Home › Forums › Decaffeinated Coffee › YNet study: “Wikipedia editors distort the history of the Holocaust” › Reply To: YNet study: “Wikipedia editors distort the history of the Holocaust”
Possibly this article have changed but current Wiki article on Holocaust in Poland looks reasonable (and you can see that many carefully worded phrases probably resulted from long discussions, as Wiki is supposed to work). See below a couple of references to Communist Jews that indeed reflect Stalin’s policy of appointing Jews and other minorities as fronts of his regime exploiting and increasing the tension.
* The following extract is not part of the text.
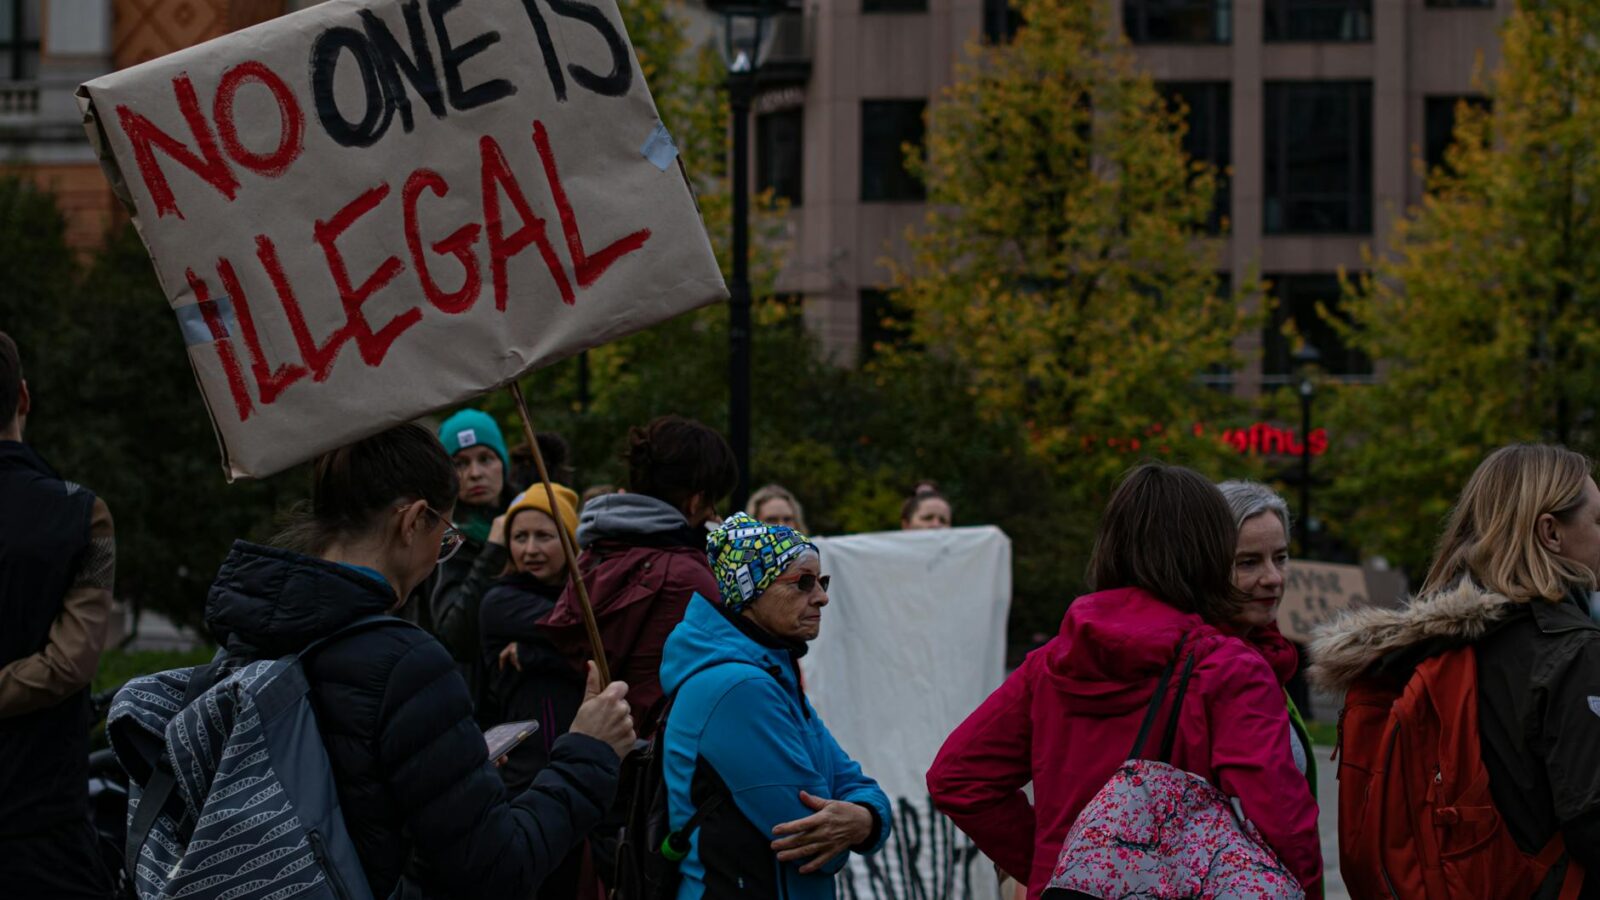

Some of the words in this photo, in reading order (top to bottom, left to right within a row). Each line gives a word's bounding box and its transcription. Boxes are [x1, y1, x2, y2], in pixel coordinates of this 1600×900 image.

We know similar things from our internal strives in 19th century, when Misnagdim and Chasidim in Vilno appealed to new Russian occupiers for support and were ultimately used by Russia to weaken the communities, or even going back to Pompeii invited to solve fighting between brothers. Hopefully, all these fight focus on real criminals – Nazis and Soviets, rather than creating fight between Jews and Poles who were both the victims.
Antisemitism …
Joseph Stalin’s occupation of terror in eastern Poland in 1939 brought what Jan Gross calls “the institutionalization of resentment”,[169] whereby the Soviets used privileges and punishments to accommodate and encourage ethnic and religious differences between Jews and Poles. There was an upsurge in the anti-Semitic stereotype of Jews as Communist traitors; it erupted into mass murder when Nazi Germany invaded Soviet eastern Poland in the summer of 1941
Local people had witnessed the repressions against their own compatriots, and mass deportations to Siberia,[228][229] conducted by the Soviet NKVD, with some local Jews forming militias, taking over key administrative posts,[230] and collaborating with the NKVD. Other locals assumed that, driven by vengeance, Jewish communists had been prominent in betraying the ethnically Polish and other non-Jewish victims.[231]